Dediğim gibi salgının yoğun yaşandığı süreç Nisan ayında finans temini ile ilgili İsviçre-Almanya’ya gittik. Finans çevreleriyle yaptığımız toplantılarda Türkiye ile ilgili kaygı eşiği oldukça yüksekti. Düşünün daha o günlerde ne Sedat Peker’in ifşaatları ne de Sezgin Baran Korkmaz’ın yakalanma olayları ve normal bir ülkeyi sarsacak vahimötesi olaylar karşısında suskun yöneticiler, harekete geçmeyen yargı vardı.

Hani son günlerin söke söke alırlar baskılamaları var ya…

Söke söke almadan önce olağanüstü karlılık, olağanüstü güvence veriliyor olsa bile öncelikle finansman-kredi vermezler-vermiyorlar.

Neden mi? Anlatalım.

Yapılan tüm toplantı ve görüşmelerde denilen ‘’Türkiye’de insan hakları olmadığı gibi, hukuk güvencesi yok. Tamam, sizin firmanıza inandık, güvendik yatırım-finansman sağladık. Bu firma bir süre sonra daha da büyüdü, karlılığı da yükseldi, dikkatleri çekmeye başladı. Karlılığı görülen bu firmaya bir süre sonra el konulmayacağını nereden bilelim. El konulmayacağının garantisi olmadığı gibi böyle bir durum karşısında hakkımızı nerede arayabiliriz’’ kaygılarıyla karşılaştık.

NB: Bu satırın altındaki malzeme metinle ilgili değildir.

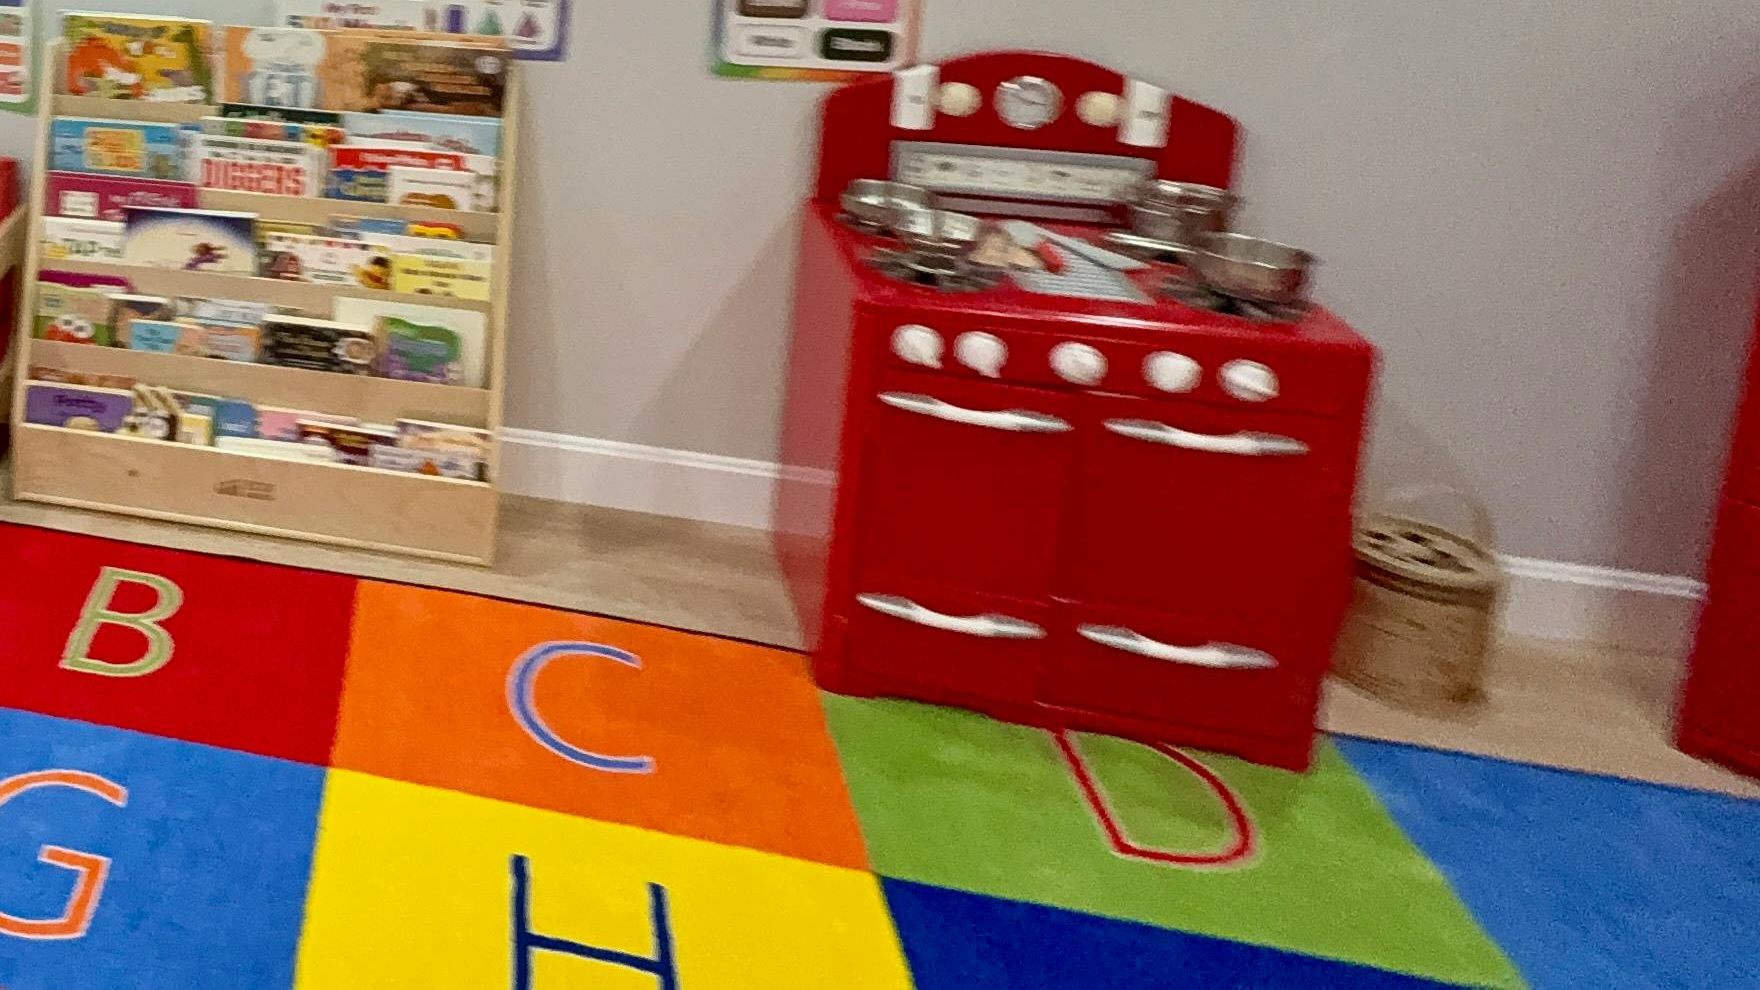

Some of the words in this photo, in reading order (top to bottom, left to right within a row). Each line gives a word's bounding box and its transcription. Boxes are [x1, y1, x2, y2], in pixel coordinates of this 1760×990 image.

[58, 566, 186, 678] B
[504, 640, 657, 775] C
[1043, 728, 1264, 872] D
[508, 853, 684, 990] H

Kaygılanmalarına yol açan özel ve kamu kuruluşlarına el konulma örnekleri verdiler…

Firma ile ilgili tüm olumlu görüş ve özel garantiler sonucu güçbela ikna edilmesine rağmen cumhurbaşkanının son Merkez Bankası açıklamasıyla finansman temininden son anda vazgeçtiler.

Bir ülkeye yatırım yapılabilmesi, finansman sağlanabilmesi için öncelikle o ülkenin öngürülebilir şeffaf yönetim anlayışının, siyasetten bağımsız; yargısının, özerk kurullarının olması gerekmektedir. Ve en önemlisi bağımsız, siyasetin müdahalesinden uzak Merkez Bankasının olması gerekir.

Evet, yönetenlerin dediği gibi paranın rengi yoktur, para karlılıktan önce hukuk güvencesinin olmadığı otokrat ülkeleri değil, karlılığı düşük bile olsa; hukuk güvencesinin olduğu, herhangi bir sorun karşısında hakkını arayabileceği ülkeleri tercih eder.